Monday, February 20, 2012

The Primary Manifesto

(Juanita Weasel. If you're not familiar with her, click HERE.
There's a little language. You've been warned.)

So, I'm tempted to write a long and rambling explanation about why I haven't written in so long. But I won't. The answer is fairly short: I've been busy and I didn't feel like it. Actually, I didn't feel like doing much of anything. But now I do. So here I am. (And if after reading that you were all, "What? She was gone?" don't tell me. Let me have my delusions illusions.)

I do want to talk a little about one of the things that's kept me busy, though. Be warned--I'm going to start speaking Mormon. I'll try to provide a translation when necessary. And I promise there will be a point. It just might take me a minute to get there.

A few weeks ago I was asked to be the Primary President. (Primary is the kids' program at church. Like Sunday school. A two hour Sunday school.) The president is, well, the president. I'm responsible for the teaching and spiritual well being of every kid in our church congregation from the age of 18 months to the day before their 12th birthday.

My first reaction when they asked me to do this was to laugh. I don't do children. They're sticky and germy and are always leaking some sort of bodily fluid. They're selfish and irrational and expect their needs to come first. (Clearly MY needs should always come first.) Then the urge to laugh was replaced by shock when I realized they were serious.
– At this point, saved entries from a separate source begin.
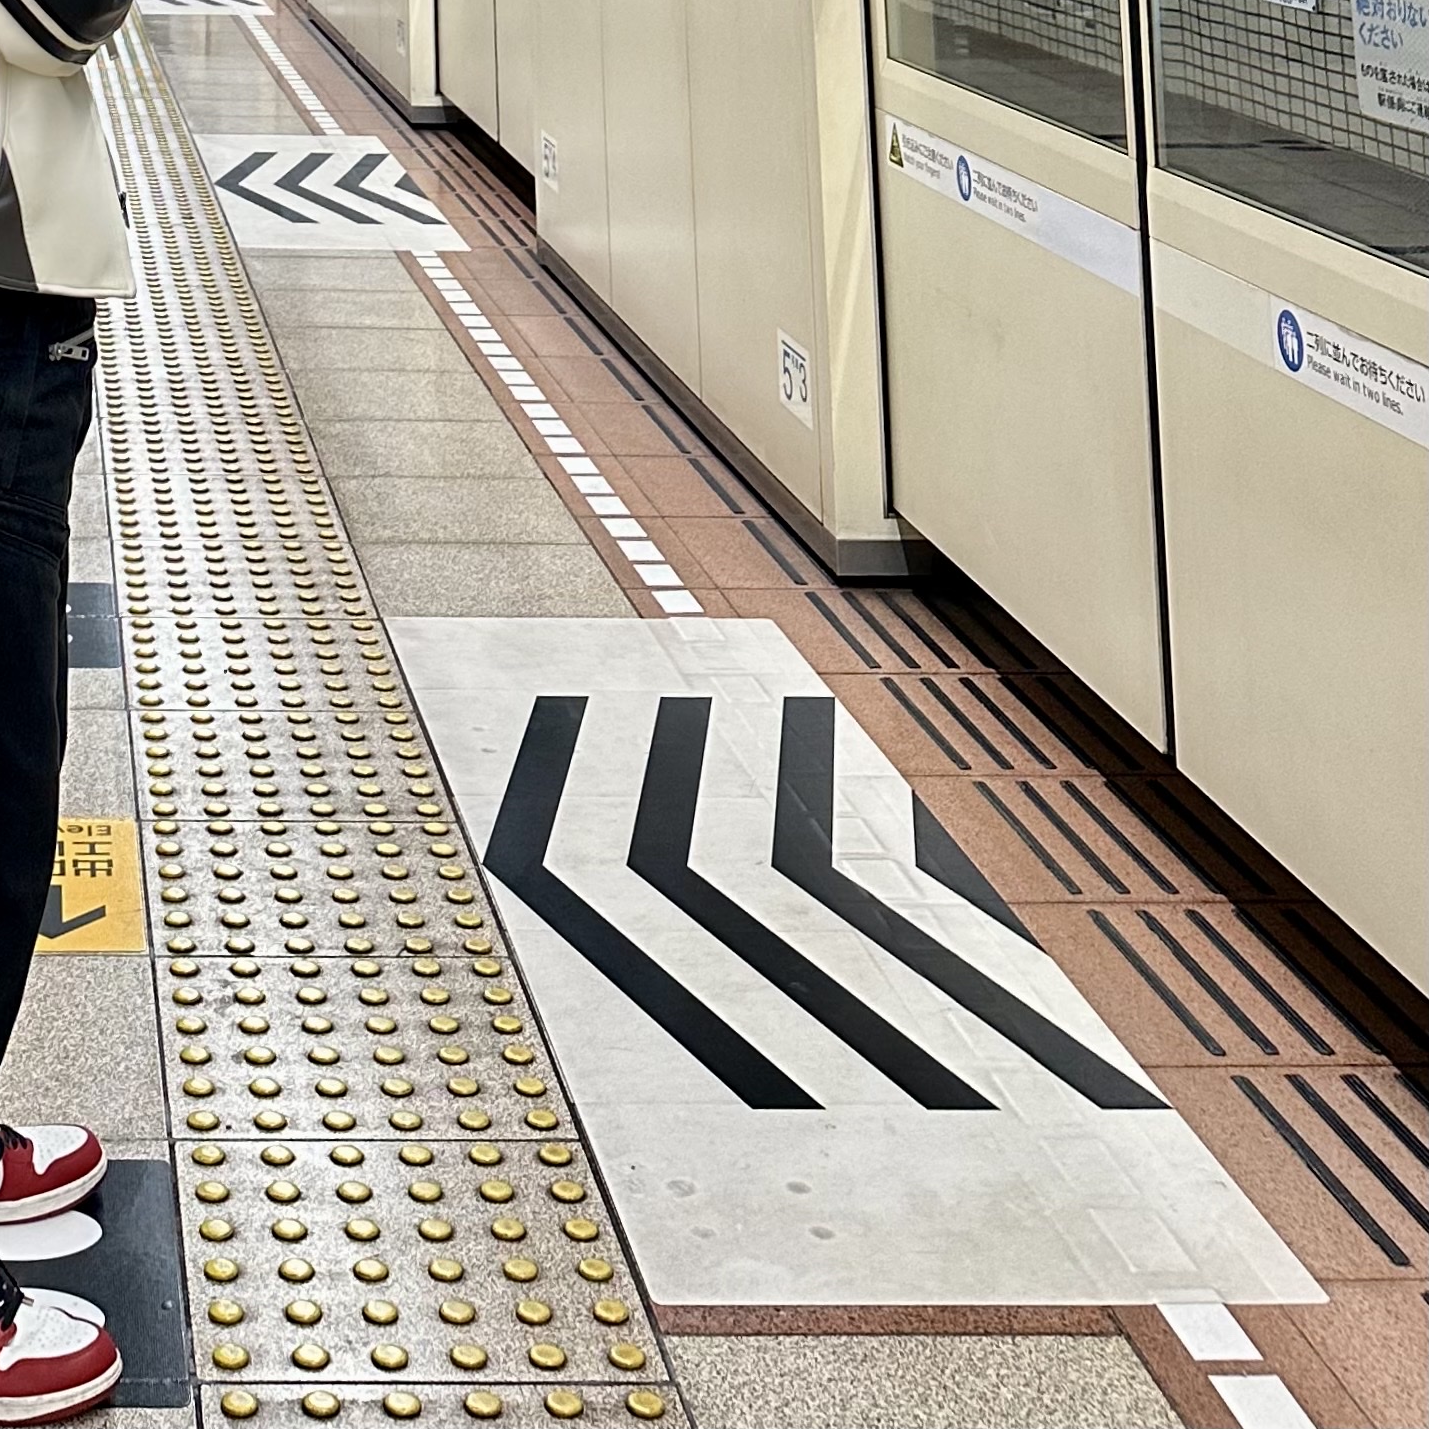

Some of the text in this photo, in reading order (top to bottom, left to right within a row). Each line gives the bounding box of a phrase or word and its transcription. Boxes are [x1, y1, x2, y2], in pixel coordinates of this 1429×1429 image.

[783, 348, 808, 403] 5 3
[1306, 331, 1426, 404] 二列に並んでお待ちください
[1307, 353, 1332, 379] Please
[1333, 370, 1351, 389] wait
[1352, 377, 1361, 394] in
[1363, 384, 1381, 404] two
They really wanted me to do this.

And after a little discussion about some reservations I had, I agreed to do it.

And the very first thing I did after accepting was buy a tub of antibacterial wipes and jug of hand sanitizer. They've already been used. A lot. It was like pee-mageddon in there the first week. (And the second.) (We'll see how the third week goes.)
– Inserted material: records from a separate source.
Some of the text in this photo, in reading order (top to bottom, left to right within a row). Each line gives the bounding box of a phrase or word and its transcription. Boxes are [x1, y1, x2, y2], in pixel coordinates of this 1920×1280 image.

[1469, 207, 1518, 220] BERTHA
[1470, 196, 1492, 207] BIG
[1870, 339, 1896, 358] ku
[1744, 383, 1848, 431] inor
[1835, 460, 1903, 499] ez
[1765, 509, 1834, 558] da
Luckily I'm not doing it alone. There are teachers for each age group, and I have two counselors (assistants) to share the work load with.

But it has been a lot of work. The reason they needed a new president is because our congregation split. We had so many people that a whole new congregation had to be formed. And nearly all of the people who had been teachers and leaders in Primary were assigned to the new congregation.
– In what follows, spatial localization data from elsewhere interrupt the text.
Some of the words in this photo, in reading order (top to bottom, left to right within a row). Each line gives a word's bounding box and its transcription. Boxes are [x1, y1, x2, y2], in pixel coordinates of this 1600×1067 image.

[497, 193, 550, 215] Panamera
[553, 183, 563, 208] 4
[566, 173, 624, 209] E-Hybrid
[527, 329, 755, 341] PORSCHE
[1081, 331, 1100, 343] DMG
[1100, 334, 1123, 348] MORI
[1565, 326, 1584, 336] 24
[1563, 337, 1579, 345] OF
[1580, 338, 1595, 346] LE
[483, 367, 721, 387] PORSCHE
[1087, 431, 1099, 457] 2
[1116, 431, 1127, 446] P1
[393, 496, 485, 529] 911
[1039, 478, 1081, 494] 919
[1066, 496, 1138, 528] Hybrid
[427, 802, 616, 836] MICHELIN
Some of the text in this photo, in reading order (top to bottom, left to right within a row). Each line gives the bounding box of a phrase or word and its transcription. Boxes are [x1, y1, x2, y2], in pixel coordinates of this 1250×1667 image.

So, there was no transition. None of us--not me, my counselors or most of the teachers--knew what we were doing. We were all thrown into the deep end of a pool full of kids (And snot. And pee.) without a life vest.

There's been a lot of tedious work getting things organized the past few weeks, but that's finally done and I can think about things other than class rolls and candy bribes.

Anyway, that was a lot of rambling to get to my point.

I'd been teaching the three year old class in Primary for the past eighteen months. And week after week I'd sit there and hear lessons about what the kids should and shouldn't do. How God would be unhappy if they didn't obey. How three year old girls shouldn't wear sleeveless dresses--as if a three year old has much choice in her clothing.

And I sort of got furious.

And I wondered where the lessons about God's love were.

So when I was given this opportunity to lead the children, the main reason I accepted was so that I could do my best to make sure the kids know that God loves them no matter what. NO MATTER WHAT.

And that led me to write my Primary Manifesto:

You are a child of God. Heavenly Father loves you no matter what you look like. He loves you no matter what you wear. He loves you no matter what you believe. He loves you no matter how many things you have. He loves you no matter who you love. He loves you no matter where you are on Sunday. He loves you no matter what you do. He loves you NO MATTER WHAT.

This just doesn't get said enough in Primary (or church in general.) Yes, God would like it if you did X, Y and Z, but he still loves you even if you don't. You are still a person of worth in the world. You don't have to fit a mold to be loved.

I teach my own kids to live a certain way, and there are consequences when they don't, but I always make it clear that I still love them, no matter what. Surely God must feel the same way about His children?

If one child leaves Primary knowing that they're loved, it will make all the work (And snot. And pee.) worth it.